Could you extract every entry below and reproduce it exactly?
- Opening Delimiter -
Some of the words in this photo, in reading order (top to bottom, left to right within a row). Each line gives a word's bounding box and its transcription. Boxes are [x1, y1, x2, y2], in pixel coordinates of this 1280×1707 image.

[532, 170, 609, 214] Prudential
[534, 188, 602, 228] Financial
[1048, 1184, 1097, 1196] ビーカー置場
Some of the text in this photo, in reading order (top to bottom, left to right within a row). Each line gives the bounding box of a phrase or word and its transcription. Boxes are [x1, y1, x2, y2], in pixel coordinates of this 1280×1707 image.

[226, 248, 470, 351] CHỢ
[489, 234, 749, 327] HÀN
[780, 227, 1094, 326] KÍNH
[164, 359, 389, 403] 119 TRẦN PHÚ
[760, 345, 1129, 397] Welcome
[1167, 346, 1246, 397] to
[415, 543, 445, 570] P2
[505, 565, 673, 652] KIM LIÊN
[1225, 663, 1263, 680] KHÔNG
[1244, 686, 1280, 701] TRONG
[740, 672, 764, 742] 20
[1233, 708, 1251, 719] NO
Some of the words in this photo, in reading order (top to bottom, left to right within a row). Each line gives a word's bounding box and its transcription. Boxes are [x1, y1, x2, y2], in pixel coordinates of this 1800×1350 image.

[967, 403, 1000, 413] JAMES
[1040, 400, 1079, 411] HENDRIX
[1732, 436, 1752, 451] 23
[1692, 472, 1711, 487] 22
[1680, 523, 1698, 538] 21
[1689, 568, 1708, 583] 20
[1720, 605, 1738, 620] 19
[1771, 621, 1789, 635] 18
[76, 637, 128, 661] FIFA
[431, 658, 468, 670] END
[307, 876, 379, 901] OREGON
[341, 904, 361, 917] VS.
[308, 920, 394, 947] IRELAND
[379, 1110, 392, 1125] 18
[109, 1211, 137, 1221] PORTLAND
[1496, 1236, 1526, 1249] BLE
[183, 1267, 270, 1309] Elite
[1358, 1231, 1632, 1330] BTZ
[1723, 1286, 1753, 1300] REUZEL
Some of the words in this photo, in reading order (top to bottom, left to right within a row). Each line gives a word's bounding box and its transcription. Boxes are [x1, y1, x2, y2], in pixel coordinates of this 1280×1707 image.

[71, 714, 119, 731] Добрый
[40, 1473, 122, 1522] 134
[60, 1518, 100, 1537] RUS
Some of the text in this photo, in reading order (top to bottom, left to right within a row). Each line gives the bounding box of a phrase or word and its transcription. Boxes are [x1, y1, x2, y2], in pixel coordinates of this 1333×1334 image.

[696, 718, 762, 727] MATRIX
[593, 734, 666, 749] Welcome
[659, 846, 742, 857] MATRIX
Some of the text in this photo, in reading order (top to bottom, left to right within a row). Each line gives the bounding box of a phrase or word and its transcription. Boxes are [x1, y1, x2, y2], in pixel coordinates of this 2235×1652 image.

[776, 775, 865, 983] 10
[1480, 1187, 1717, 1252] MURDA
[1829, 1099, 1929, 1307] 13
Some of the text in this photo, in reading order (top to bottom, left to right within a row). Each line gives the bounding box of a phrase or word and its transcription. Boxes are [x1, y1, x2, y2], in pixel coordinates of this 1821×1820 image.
- Closing Delimiter -
--- SOLUTION TO THE EXERCISE ---
Some of the words in this photo, in reading order (top to bottom, left to right within a row). Each line gives a word's bounding box and its transcription. Boxes are [x1, y1, x2, y2], in pixel coordinates of this 1280×1707 image.

[532, 170, 609, 214] Prudential
[534, 188, 602, 228] Financial
[1048, 1184, 1097, 1196] ビーカー置場
Some of the text in this photo, in reading order (top to bottom, left to right within a row). Each line gives the bounding box of a phrase or word and its transcription. Boxes are [x1, y1, x2, y2], in pixel coordinates of this 1280×1707 image.

[226, 248, 470, 351] CHỢ
[489, 234, 749, 327] HÀN
[780, 227, 1094, 326] KÍNH
[164, 359, 389, 403] 119 TRẦN PHÚ
[760, 345, 1129, 397] Welcome
[1167, 346, 1246, 397] to
[415, 543, 445, 570] P2
[505, 565, 673, 652] KIM LIÊN
[1225, 663, 1263, 680] KHÔNG
[1244, 686, 1280, 701] TRONG
[740, 672, 764, 742] 20
[1233, 708, 1251, 719] NO
Some of the words in this photo, in reading order (top to bottom, left to right within a row). Each line gives a word's bounding box and its transcription. Boxes are [x1, y1, x2, y2], in pixel coordinates of this 1800×1350 image.

[967, 403, 1000, 413] JAMES
[1040, 400, 1079, 411] HENDRIX
[1732, 436, 1752, 451] 23
[1692, 472, 1711, 487] 22
[1680, 523, 1698, 538] 21
[1689, 568, 1708, 583] 20
[1720, 605, 1738, 620] 19
[1771, 621, 1789, 635] 18
[76, 637, 128, 661] FIFA
[431, 658, 468, 670] END
[307, 876, 379, 901] OREGON
[341, 904, 361, 917] VS.
[308, 920, 394, 947] IRELAND
[379, 1110, 392, 1125] 18
[109, 1211, 137, 1221] PORTLAND
[1496, 1236, 1526, 1249] BLE
[183, 1267, 270, 1309] Elite
[1358, 1231, 1632, 1330] BTZ
[1723, 1286, 1753, 1300] REUZEL
Some of the words in this photo, in reading order (top to bottom, left to right within a row). Each line gives a word's bounding box and its transcription. Boxes are [x1, y1, x2, y2], in pixel coordinates of this 1280×1707 image.

[71, 714, 119, 731] Добрый
[40, 1473, 122, 1522] 134
[60, 1518, 100, 1537] RUS
Some of the text in this photo, in reading order (top to bottom, left to right within a row). Each line gives the bounding box of a phrase or word and its transcription. Boxes are [x1, y1, x2, y2], in pixel coordinates of this 1333×1334 image.

[696, 718, 762, 727] MATRIX
[593, 734, 666, 749] Welcome
[659, 846, 742, 857] MATRIX
Some of the text in this photo, in reading order (top to bottom, left to right within a row). Each line gives the bounding box of a phrase or word and its transcription. Boxes are [x1, y1, x2, y2], in pixel coordinates of this 2235×1652 image.

[776, 775, 865, 983] 10
[1480, 1187, 1717, 1252] MURDA
[1829, 1099, 1929, 1307] 13
Some of the text in this photo, in reading order (top to bottom, left to right within a row). Each line gives the bounding box of a phrase or word and its transcription. Boxes are [x1, y1, x2, y2], in pixel coordinates of this 1821×1820 image.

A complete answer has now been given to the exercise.